Look for "this 1880×1253 image." in the entries below. Then write out exactly the line that holds it and every line after it, to the last, and nothing else.

**Data provided**
_____

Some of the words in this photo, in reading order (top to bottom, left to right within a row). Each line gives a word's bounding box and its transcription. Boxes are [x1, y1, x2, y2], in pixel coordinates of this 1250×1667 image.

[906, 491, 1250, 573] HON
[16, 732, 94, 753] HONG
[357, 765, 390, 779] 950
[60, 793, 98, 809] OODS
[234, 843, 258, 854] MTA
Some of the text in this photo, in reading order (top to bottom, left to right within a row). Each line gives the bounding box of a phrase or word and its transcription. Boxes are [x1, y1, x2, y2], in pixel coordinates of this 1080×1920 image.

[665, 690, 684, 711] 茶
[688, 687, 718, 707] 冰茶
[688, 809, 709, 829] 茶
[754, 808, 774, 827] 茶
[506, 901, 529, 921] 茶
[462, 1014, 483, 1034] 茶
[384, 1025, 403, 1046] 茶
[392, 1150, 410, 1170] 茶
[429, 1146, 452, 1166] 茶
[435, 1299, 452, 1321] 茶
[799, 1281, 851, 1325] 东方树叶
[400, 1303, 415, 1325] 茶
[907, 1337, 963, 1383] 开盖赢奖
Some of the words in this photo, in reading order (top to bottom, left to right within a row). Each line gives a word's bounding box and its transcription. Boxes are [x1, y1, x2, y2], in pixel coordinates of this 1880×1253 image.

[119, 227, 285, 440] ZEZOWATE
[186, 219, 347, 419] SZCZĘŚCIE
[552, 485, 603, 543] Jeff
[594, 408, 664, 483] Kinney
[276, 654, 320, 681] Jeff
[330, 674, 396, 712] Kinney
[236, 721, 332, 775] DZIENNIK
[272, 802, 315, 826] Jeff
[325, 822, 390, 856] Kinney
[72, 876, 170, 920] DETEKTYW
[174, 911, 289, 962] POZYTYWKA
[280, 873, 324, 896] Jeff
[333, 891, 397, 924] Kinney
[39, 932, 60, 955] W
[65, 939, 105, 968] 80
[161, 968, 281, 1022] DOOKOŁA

_____

**Answer**
Some of the words in this photo, in reading order (top to bottom, left to right within a row). Each line gives a word's bounding box and its transcription. Boxes are [x1, y1, x2, y2], in pixel coordinates of this 1880×1253 image.

[119, 227, 285, 440] ZEZOWATE
[186, 219, 347, 419] SZCZĘŚCIE
[552, 485, 603, 543] Jeff
[594, 408, 664, 483] Kinney
[276, 654, 320, 681] Jeff
[330, 674, 396, 712] Kinney
[236, 721, 332, 775] DZIENNIK
[272, 802, 315, 826] Jeff
[325, 822, 390, 856] Kinney
[72, 876, 170, 920] DETEKTYW
[174, 911, 289, 962] POZYTYWKA
[280, 873, 324, 896] Jeff
[333, 891, 397, 924] Kinney
[39, 932, 60, 955] W
[65, 939, 105, 968] 80
[161, 968, 281, 1022] DOOKOŁA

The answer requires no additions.